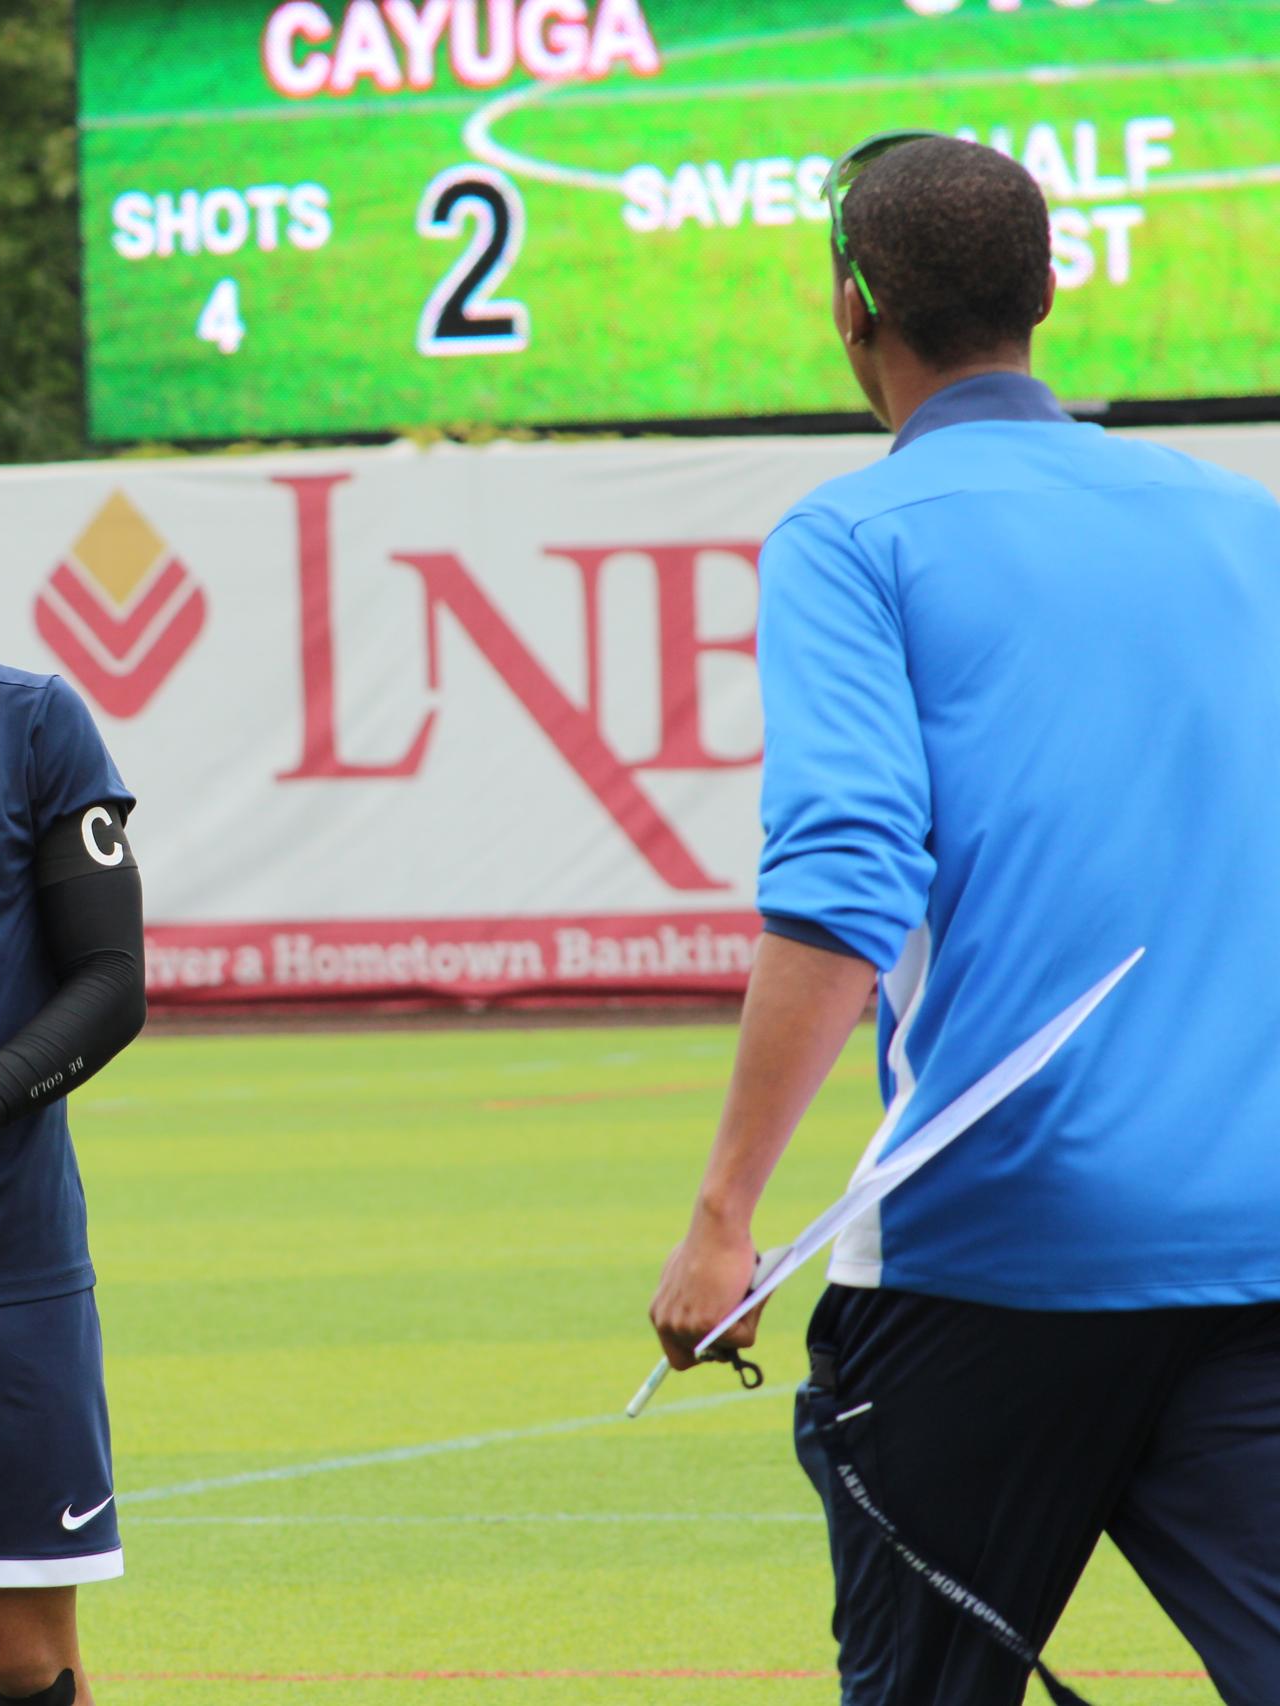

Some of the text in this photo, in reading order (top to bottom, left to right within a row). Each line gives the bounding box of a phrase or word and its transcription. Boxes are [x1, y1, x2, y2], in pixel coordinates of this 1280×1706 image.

[263, 0, 661, 97] CAYUGA
[112, 183, 332, 260] SHOTS
[417, 163, 530, 357] 2
[1048, 205, 1144, 289] ST
[197, 277, 245, 354] 4
[81, 806, 124, 867] C
[232, 945, 266, 986] a
[271, 932, 545, 985] Hometown
[553, 923, 758, 979] Bankin
[30, 1056, 84, 1099] BE GOLD
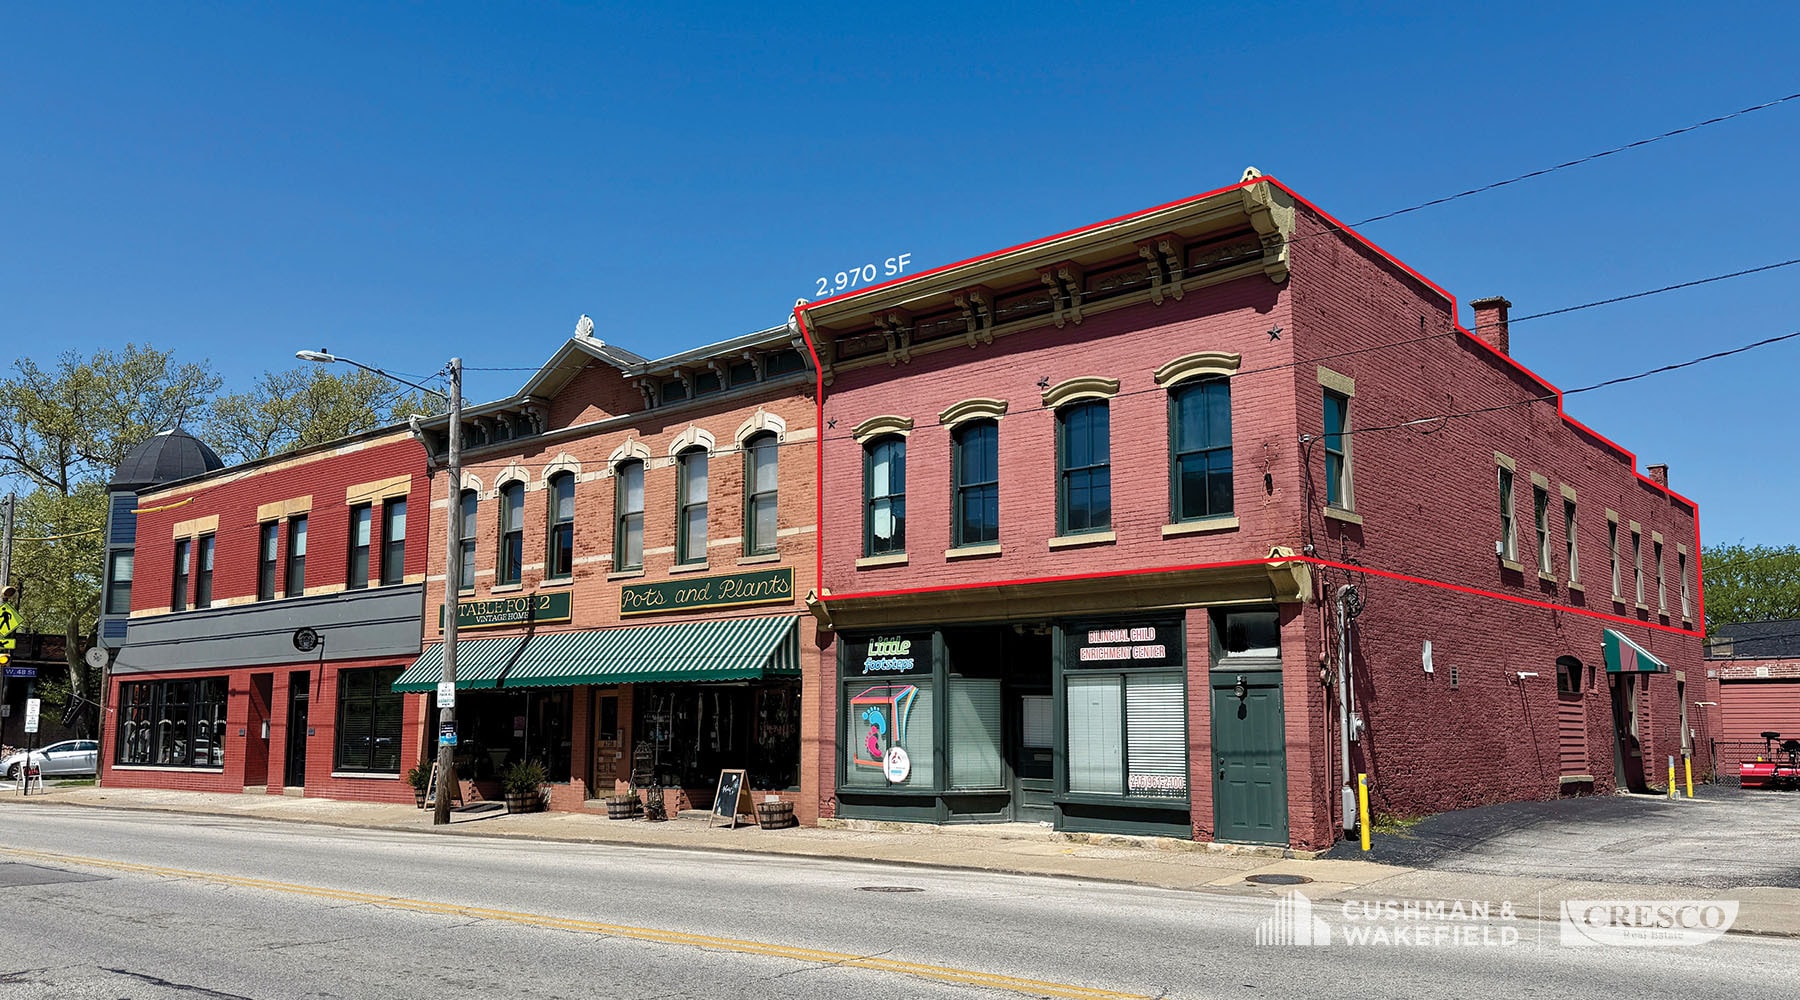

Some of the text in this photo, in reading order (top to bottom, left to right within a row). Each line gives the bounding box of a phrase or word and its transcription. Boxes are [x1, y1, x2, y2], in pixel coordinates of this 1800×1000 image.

[622, 575, 791, 608] Pots and Plants
[458, 595, 550, 617] TABLE FOR 2
[476, 612, 529, 623] VINTAGE HOME
[1088, 627, 1156, 644] BILINGUAL CHILD
[867, 635, 911, 656] Little
[1080, 645, 1166, 661] ENRICHMENT CENTER
[862, 656, 914, 675] footsteps
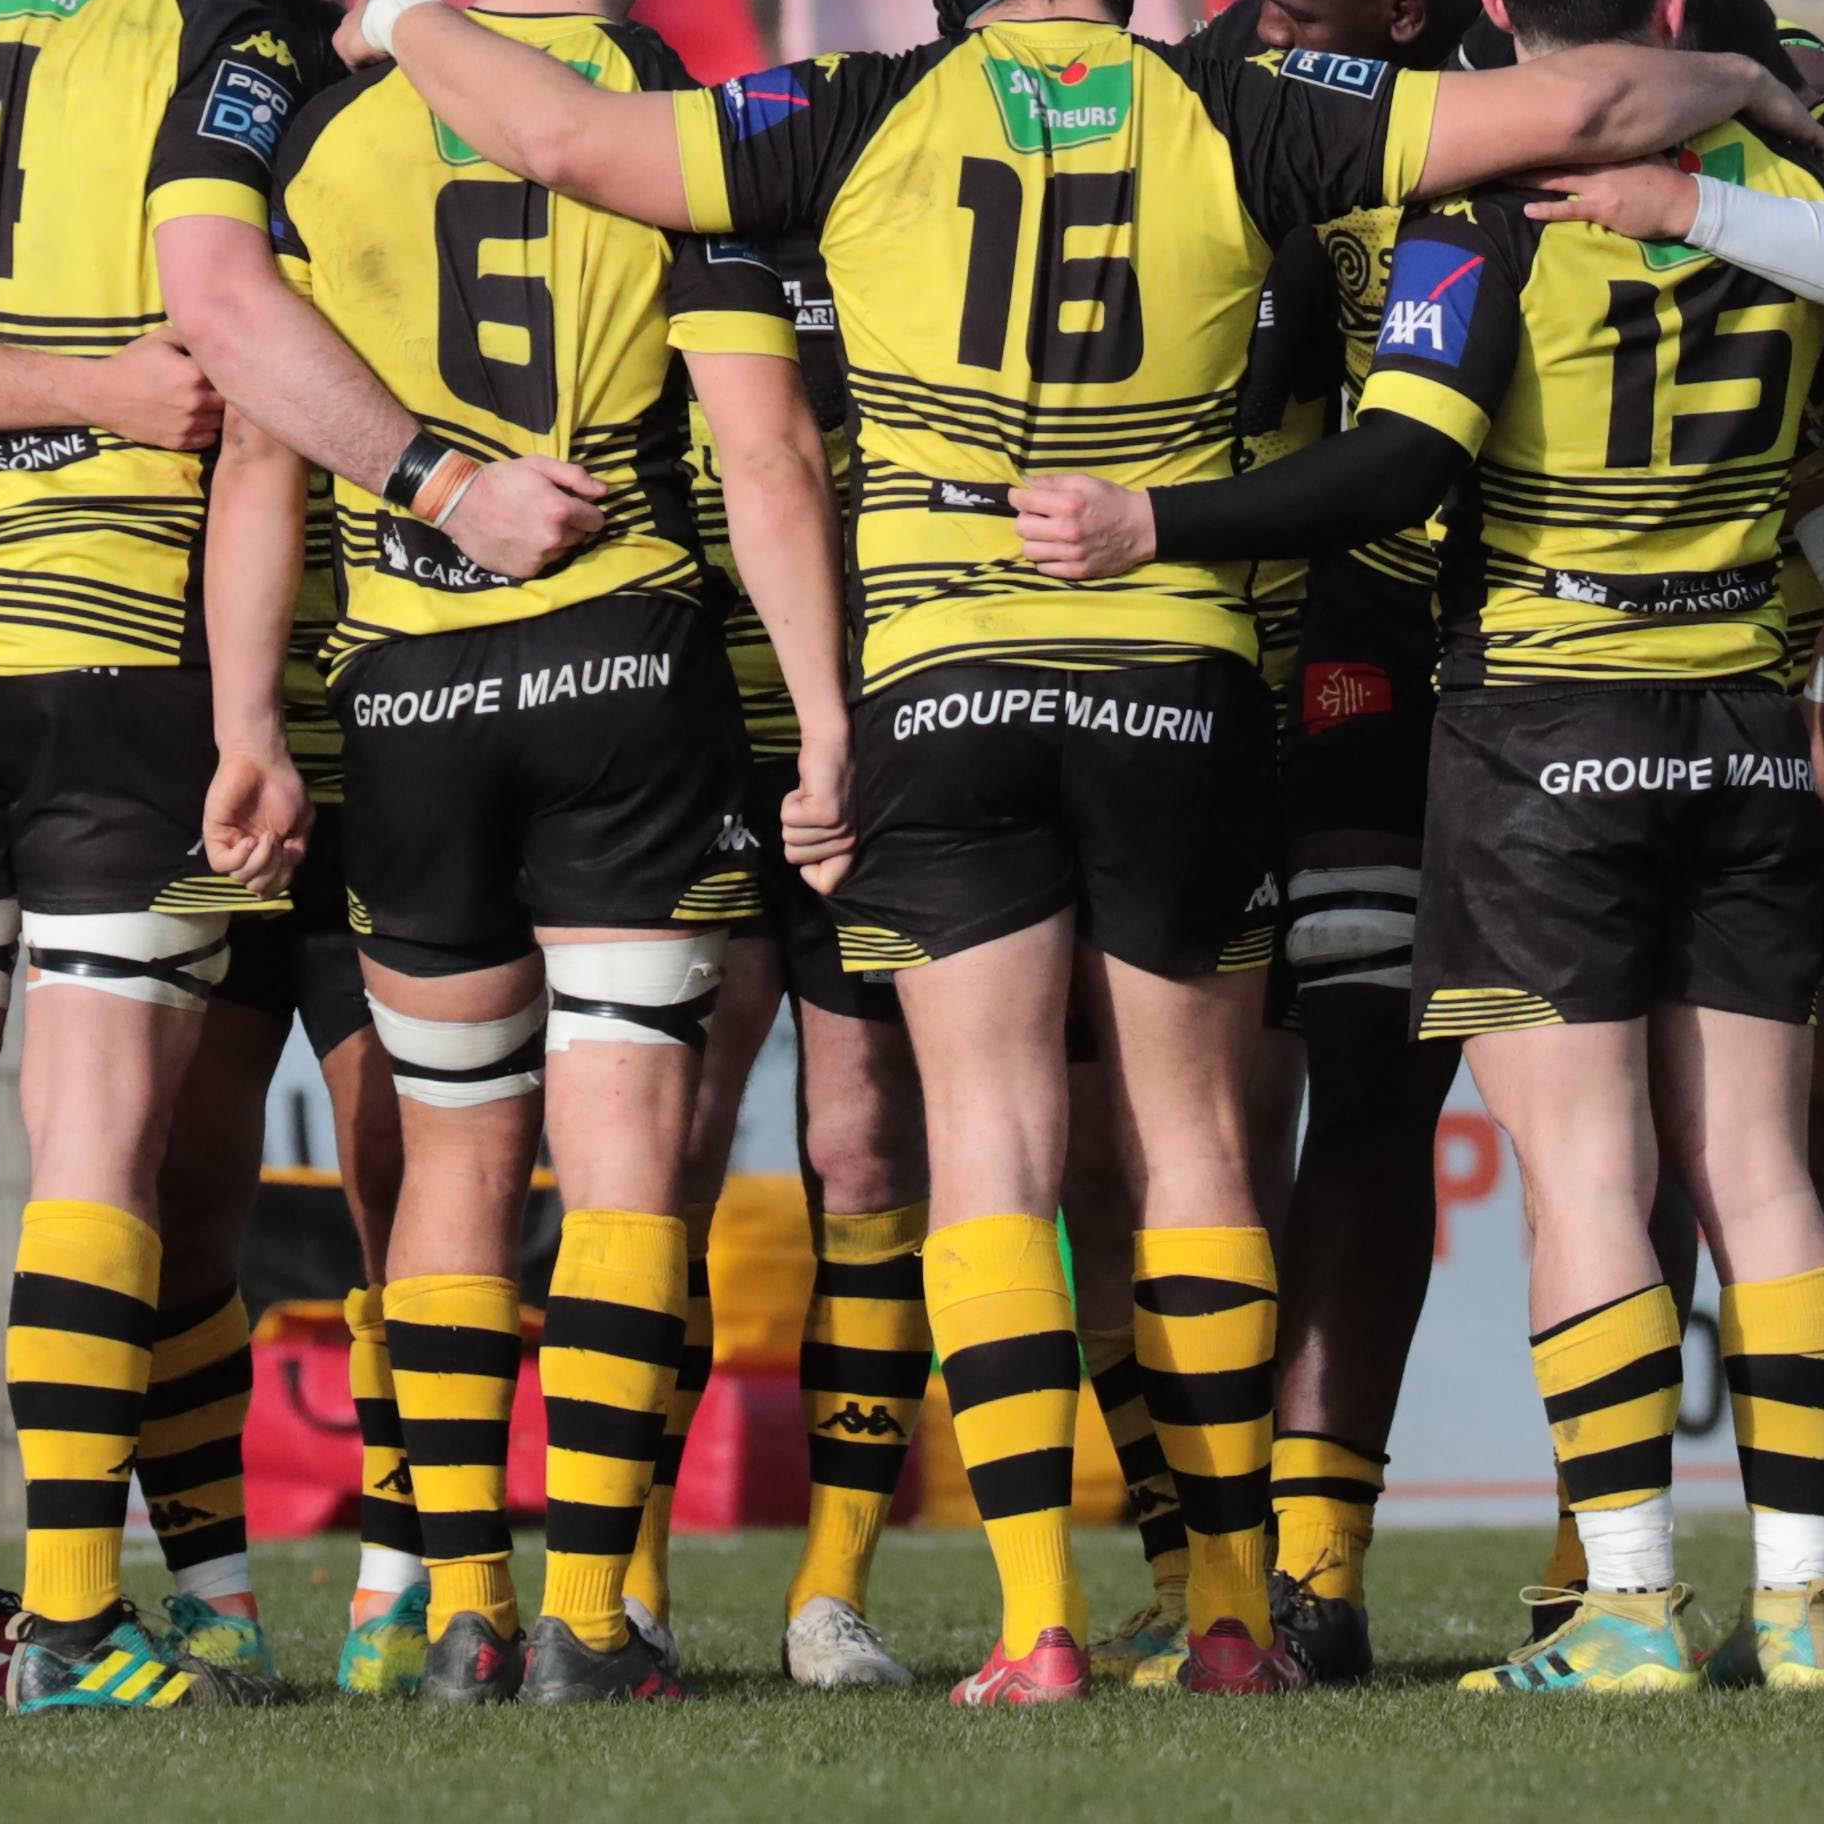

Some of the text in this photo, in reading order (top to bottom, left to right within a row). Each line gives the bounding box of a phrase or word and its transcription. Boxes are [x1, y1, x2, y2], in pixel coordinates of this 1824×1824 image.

[227, 72, 288, 116] PRO
[213, 103, 277, 156] D2
[957, 156, 1144, 384] 16
[435, 179, 558, 435] 6
[1376, 301, 1444, 351] AXA
[1603, 266, 1793, 468] 15
[354, 653, 670, 727] GROUPE MAURIN
[894, 689, 1214, 744] GROUPE MAURIN
[1539, 757, 1713, 795] GROUPE
══════════════════════════════
ABOUT THIS TASK
Repeat every record above exactly, but drop the pictures.

OUTPUT BELOW
Some of the text in this photo, in reading order (top to bottom, left to right within a row). Each line gives the bounding box of a phrase or word and its transcription. Boxes are [x1, y1, x2, y2], in pixel coordinates of this 1280×1706 image.

[263, 0, 661, 97] CAYUGA
[112, 183, 332, 260] SHOTS
[417, 163, 530, 357] 2
[1048, 205, 1144, 289] ST
[197, 277, 245, 354] 4
[81, 806, 124, 867] C
[232, 945, 266, 986] a
[271, 932, 545, 985] Hometown
[553, 923, 758, 979] Bankin
[30, 1056, 84, 1099] BE GOLD

Some of the text in this photo, in reading order (top to bottom, left to right within a row). Each line gives the bounding box of a phrase or word and its transcription. Boxes are [x1, y1, x2, y2], in pixel coordinates of this 1800×1000 image.

[622, 575, 791, 608] Pots and Plants
[458, 595, 550, 617] TABLE FOR 2
[476, 612, 529, 623] VINTAGE HOME
[1088, 627, 1156, 644] BILINGUAL CHILD
[867, 635, 911, 656] Little
[1080, 645, 1166, 661] ENRICHMENT CENTER
[862, 656, 914, 675] footsteps

Some of the text in this photo, in reading order (top to bottom, left to right within a row). Each line gives the bounding box of a phrase or word and its transcription. Boxes are [x1, y1, x2, y2], in pixel coordinates of this 1824×1824 image.

[227, 72, 288, 116] PRO
[213, 103, 277, 156] D2
[957, 156, 1144, 384] 16
[435, 179, 558, 435] 6
[1376, 301, 1444, 351] AXA
[1603, 266, 1793, 468] 15
[354, 653, 670, 727] GROUPE MAURIN
[894, 689, 1214, 744] GROUPE MAURIN
[1539, 757, 1713, 795] GROUPE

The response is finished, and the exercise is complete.